« Avec le dérèglement climatique, (…) ce qui est l'exception pourrait devenir la norme. Notre responsabilité est d'adapter le pays à cette nouvelle donne, a souligné Barbara Pompili, ministre de la Transition écologique, lors de l'ouverture de la journée nationale de prévention des inondations. La première ligne de défense est les élus locaux (…). Le rôle de l'État est d'apporter les outils pour qu'ils jouent ce rôle ».
A cette occasion, Barbara Pompili est revenue sur les mesures prises lors du Conseil de défense écologique de février dernier pour essayer d'accélérer l'élaboration et la mise en œuvre des programmes d'actions de prévention des inondations (Papi). La direction générale de la prévention des risques (DGPR) a en effet analysé les Papi issus du troisième appel à projets pour voir les points d'amélioration.
Un interlocuteur de l'État unique
L'Administration a ainsi identifié quatre axes qui pourraient contribuer à fluidifier leur élaboration.
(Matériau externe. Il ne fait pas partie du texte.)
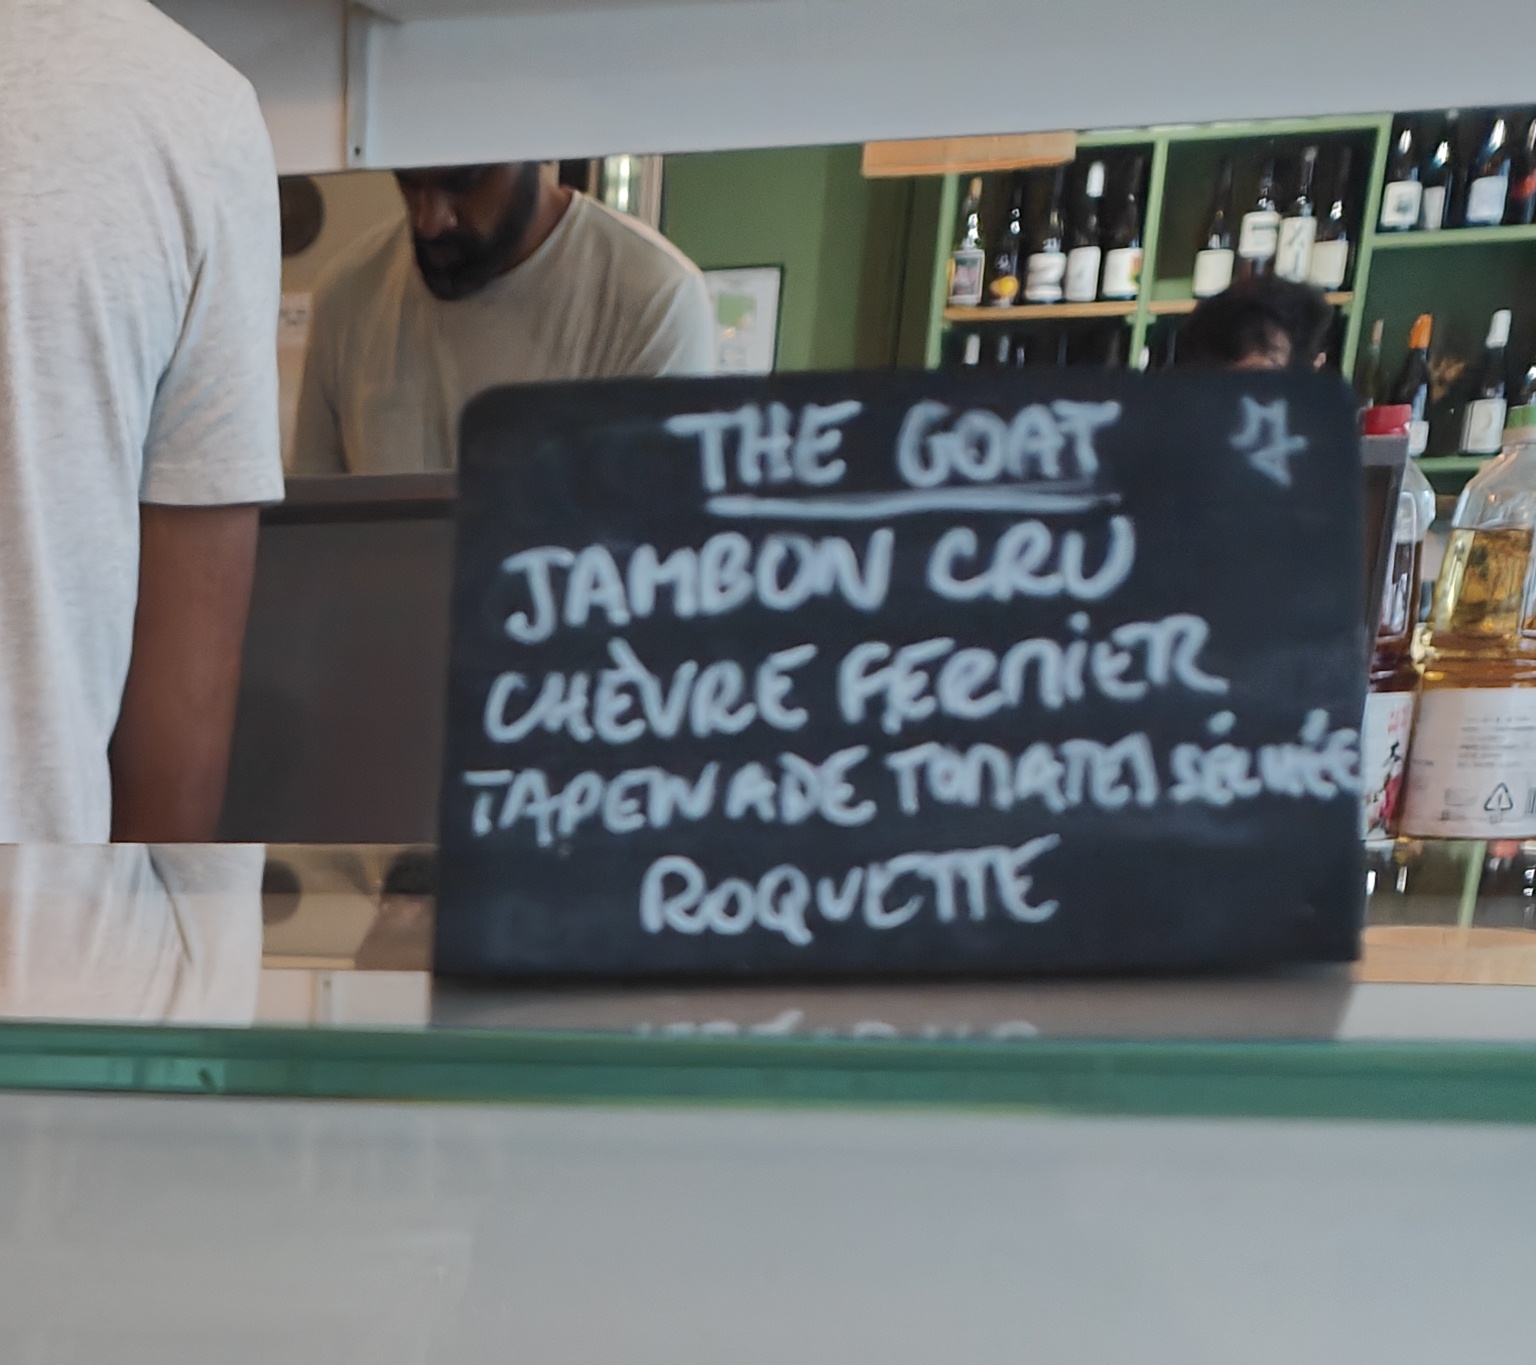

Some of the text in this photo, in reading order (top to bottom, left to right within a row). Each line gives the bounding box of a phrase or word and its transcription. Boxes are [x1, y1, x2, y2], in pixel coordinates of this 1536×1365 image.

Tout d'abord, l'accompagnement financier des collectivités va être conforté. Dans ce cadre, le Fonds de Prévention des Risques Naturels Majeurs (FPRNM) dit Fonds Barnier sera doté de 205 millions d'euros par an à partir du 1er janvier 2021. A partir de 2018, ses recettes nettes avaient en effet été plafonnées à 131,5 millions d'euros par an. Or les dépenses de ce dernier s'élevaient à hauteur de 200 millions d'euros. La différence était jusqu'alors prélevée sur la trésorerie du fonds.
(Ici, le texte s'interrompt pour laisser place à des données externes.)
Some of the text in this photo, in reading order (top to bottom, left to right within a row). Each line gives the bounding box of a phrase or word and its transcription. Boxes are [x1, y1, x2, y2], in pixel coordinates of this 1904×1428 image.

Afin de croiser l'ensemble des attentes des services que ce soit au niveau de la prévention des risques, d'aménagement ou de biodiversité, les préfets de département désigneront un interlocuteur unique de l'État, en soutien aux collectivités. « Cette proposition est en train de se mettre en place, a indiqué Laure Tourjanski, cheffe du service risques naturels et hydrauliques, à la direction générale de la prévention des risques du ministère de la Transition écologique. Un mandat sera diffusé dans toute la France ».
Les retours d'expérience montrent que les Papi nécessitent une animation forte. « Les porteurs de projet doivent aller chercher tous les territoires concernés », a pointé Laure Tourjanski. Un soutien pourra être accru dans le cas de Papi comportant des actions non structurelles importantes ou une grande complexité de par le nombre de parties associées. Les critères pour la modulation de cette aide restent toutefois à définir.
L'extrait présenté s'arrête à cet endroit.